Where I live is right beside the route of the Marathon (near mile 16, if you really want to know), so it's a big event for people who live round here. For about three hours, we can't actually cross the main road, and more or less have to reconcile ourselves to being hemmed in here.
The day started fine and sunny for the wheelchair competitors and international elite runners, but by the time the fancy dress and what I've seen unkindly described as "village fete" runners got down to our part of East London, it was cold and showery (that might be rather better weather to run in than unexpected heat, of course).
As ever, people were out in force to cheer them on, especially the whole gallimaufry of the imaginatively dressed - Paddington bears, men and women in tutus and deely-boppers, Batmen, Supermen, policemen, firemen, cavemen, Wonderwomen, Pink Panthers, fluffy bunnies, Cornish pasties, a leafy branch in the backpack - you name it, it was there.
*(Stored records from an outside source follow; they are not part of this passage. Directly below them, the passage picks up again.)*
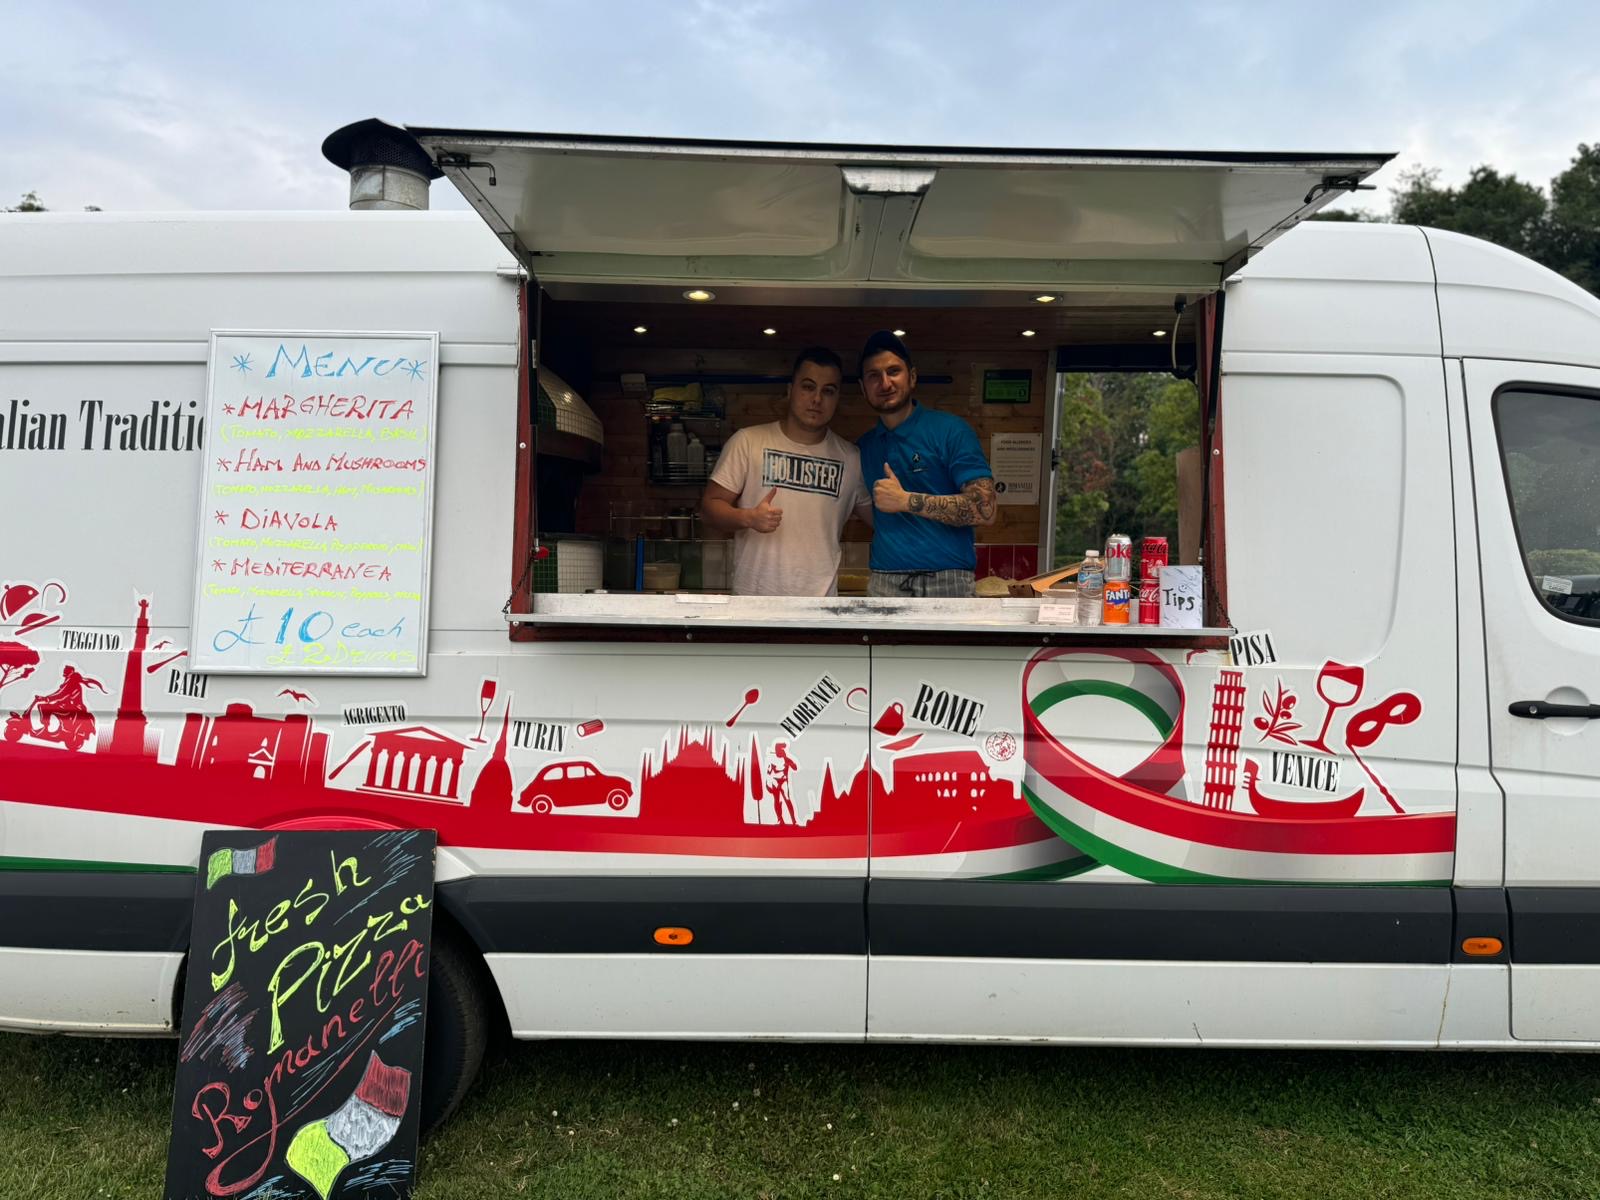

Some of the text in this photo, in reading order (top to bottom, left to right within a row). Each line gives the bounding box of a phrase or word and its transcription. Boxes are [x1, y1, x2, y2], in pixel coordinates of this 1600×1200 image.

[237, 394, 414, 420] MARGHERITA
[0, 400, 67, 450] lian
[768, 455, 838, 489] HOLLISTER
[1162, 589, 1194, 611] Tips
[63, 630, 120, 651] TEGGIANO
[341, 617, 405, 638] each
[1230, 633, 1277, 666] PISA
[168, 669, 208, 699] BARI
[343, 705, 406, 726] AGRIGENTO
[780, 675, 842, 738] FLORENCE
[912, 683, 984, 738] ROME
[513, 720, 567, 752] TURIN
[1271, 752, 1339, 792] VENICE
Mind you, some people showed more enthusiasm than others:
Last year, there was a woman in a cat outfit that wasn't much more than the whiskers. This year, a man in a Borat outfit - let's just say it demonstrated the effects of the weather...
By about four hours after the official start time, the runners are often mostly walkers, thinner on the ground and really starting to suffer as they battle on. It seems only right to slice up some oranges and break up a large block of chocolate to encourage them on.
By about five hours after the start, as I cross the road to go into town, the stragglers seem few and far between. One man, more or less ambling along, seemed so lost in his thoughts (or what was on his iPod) that he was quite startled when the policeman on duty said "Well done, young man!".